People love to romanticize the solo filmmaker life.
There’s flexibility and autonomy. It’s the “I answer to no one” fantasy…
But nobody tells you the part about being a one-man studio - where your life and your business aren’t two things… they’re one braided rope.
And when life yanks on its end, the business gets dragged right along with it.
Let me show you two moments that slapped that reality across my face.
👶 The Job That Collided With Real Life
I produced a multi-six-figure Embassy Suites rebrand project - multi-state crew, talent, wardrobe, logistics, the whole 9-yards.
And the timing couldn’t have been worse…
My second kid was entering the world. By the time cameras rolled, he was just a few weeks old. Newborn smell still fresh.
So, I built a team, set up remote monitoring, had everything dialed in so I could manage from afar while time team on the ground took the lead.
It should’ve been smooth. Everything was set up to win.
Then, the phone rang.
Long story short, the drama looked like - client lead vs. producer. Wardrobe meltdown. Egos vs. patience. You name it.
And the message I got from the client producer was basically:
“Get on a plane. Now.”
So I kissed my wife goodbye - not the romantic kind, the exhausted “good luck, don’t kill me” kind - left her with a toddler and a newborn, and caught a red-eye to fix grown adults acting like high school theater kids.
Was it as catastrophic as they said?

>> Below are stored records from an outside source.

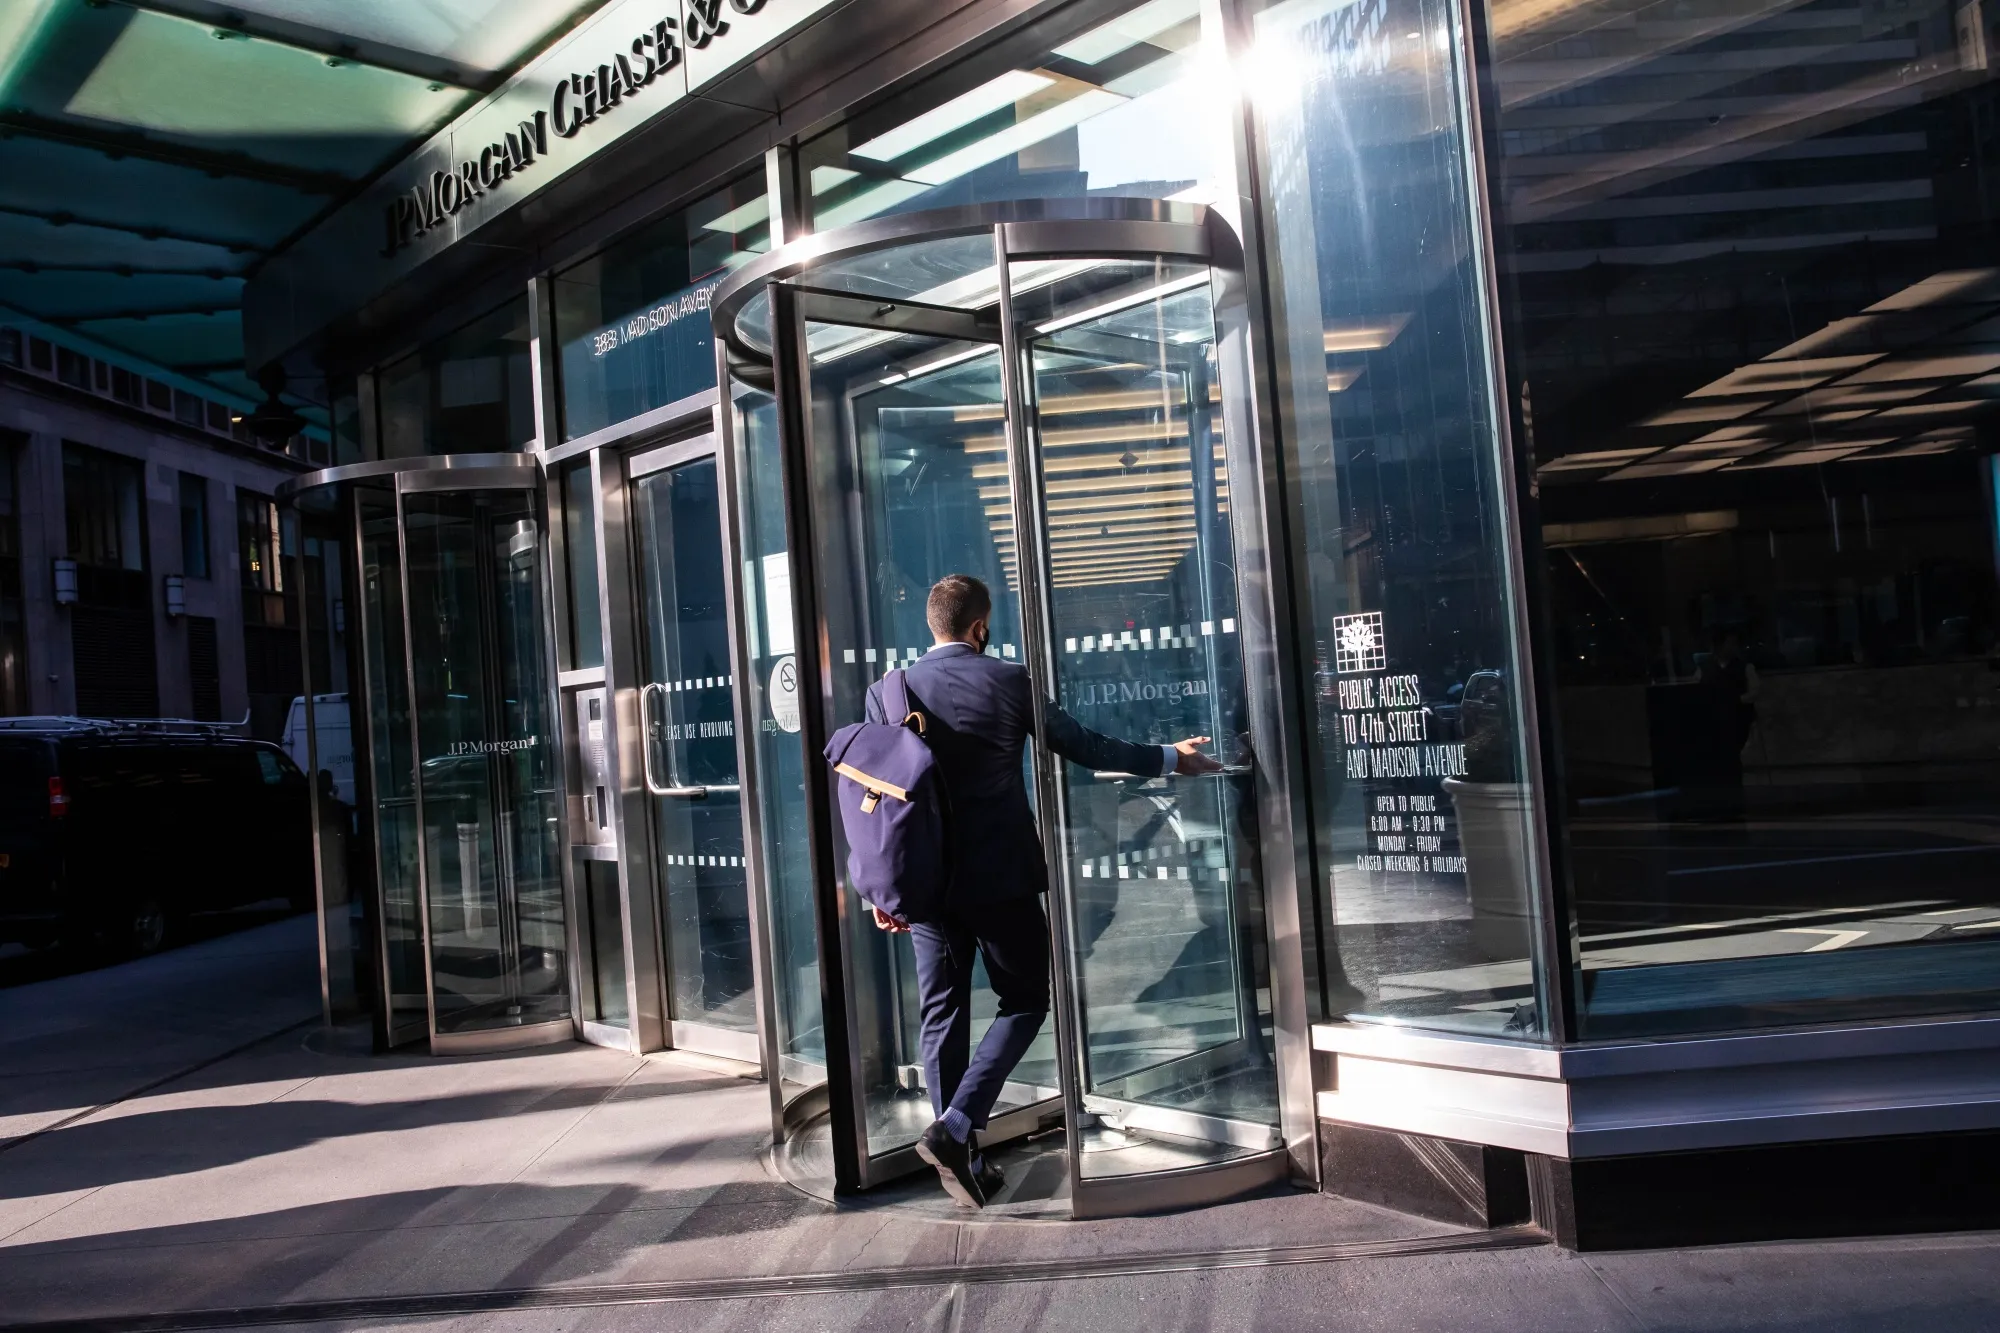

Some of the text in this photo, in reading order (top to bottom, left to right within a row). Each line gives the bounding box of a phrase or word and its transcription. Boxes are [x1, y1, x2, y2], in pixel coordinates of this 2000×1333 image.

[550, 17, 680, 138] CHASE
[1339, 674, 1420, 710] PUBLIC ACCESS
[684, 723, 697, 739] USE
[700, 720, 733, 738] REVOLVING
[1342, 710, 1427, 745] TO 47th STREET
[1347, 744, 1469, 778] AND MADISON AVENUE
[1377, 795, 1436, 812] OPEN TO PUBLIC
[1371, 815, 1388, 832] 6:00
[1391, 815, 1403, 832] AM
[1412, 815, 1430, 832] 9:30
[1434, 815, 1446, 832] PM
[1377, 835, 1406, 852] MONDAY
[1416, 835, 1441, 852] FRIDAY
[1357, 855, 1467, 873] CLOSED WEEKENDS & HOLIDAYS

Of course not. Not even close. Some friction between personalities. One unprofessional moment from a local crew member.
But here’s the part that clung to me:
When you are the face of the business, your life doesn’t get to interrupt the work. The work interrupts your life.
And you just… go.
💉 Fast-Forward to This Week
If you’ve been reading along, you know the universe threw a plot twist at me: testicular cancer.
My past couple months have been: Surgery. Recovery. And now, chemo.

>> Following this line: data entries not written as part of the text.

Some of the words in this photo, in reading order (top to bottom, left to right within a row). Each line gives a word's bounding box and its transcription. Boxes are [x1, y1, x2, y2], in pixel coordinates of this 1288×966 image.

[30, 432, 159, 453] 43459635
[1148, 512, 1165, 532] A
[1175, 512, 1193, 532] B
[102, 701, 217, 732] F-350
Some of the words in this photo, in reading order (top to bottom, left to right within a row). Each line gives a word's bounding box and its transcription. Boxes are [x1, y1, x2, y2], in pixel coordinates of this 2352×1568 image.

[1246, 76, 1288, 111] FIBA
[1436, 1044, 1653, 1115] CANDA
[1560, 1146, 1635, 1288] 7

The whole trilogy I never wanted to see.
And two days after my first (and only) round of chemo?
I’m in a car driving the team to Scottsdale to oversee a commercial shoot.
Could someone else have handled it? Technically, yes.
Would the client have been cool with that? Probably. They are one of my favorite clients.
But when you run a solo video agency - when you are the product - your presence is part of the package. Your judgment is the deliverable and your brain is the asset they think they’re paying for.
And sometimes… your body is in no mood to cooperate.
🎬 The Truth No One Markets on Instagram
People love to talk about the “freedom” of owning a business like it’s a hammock.
But freedom as a solo creative is more like a thread tied to your ankle.
You move, the business moves. You get sick, the business limps. A baby is born, a crisis arrives, a client panics -
there’s no buffer.
Even when you outsource, systemize, hire editors, assistants, whatever…
There are moments where you ARE the business.
Nobody puts that in their “start your agency” webinar slides.
💡 The Takeaway
Running a solo creative studio is freedom with weight.
A dream that comes with a cost - not devastating, but real.
But here’s the secret most people miss:
The goal isn’t to escape the weight.
It’s to build a life where carrying it feels meaningful.
And even on the hardest days - newborns, chemo, flights, chaos -
I’m still choosing this life on purpose.
Because it’s still worth it to me.
But is it worth it to you? Only you can decide.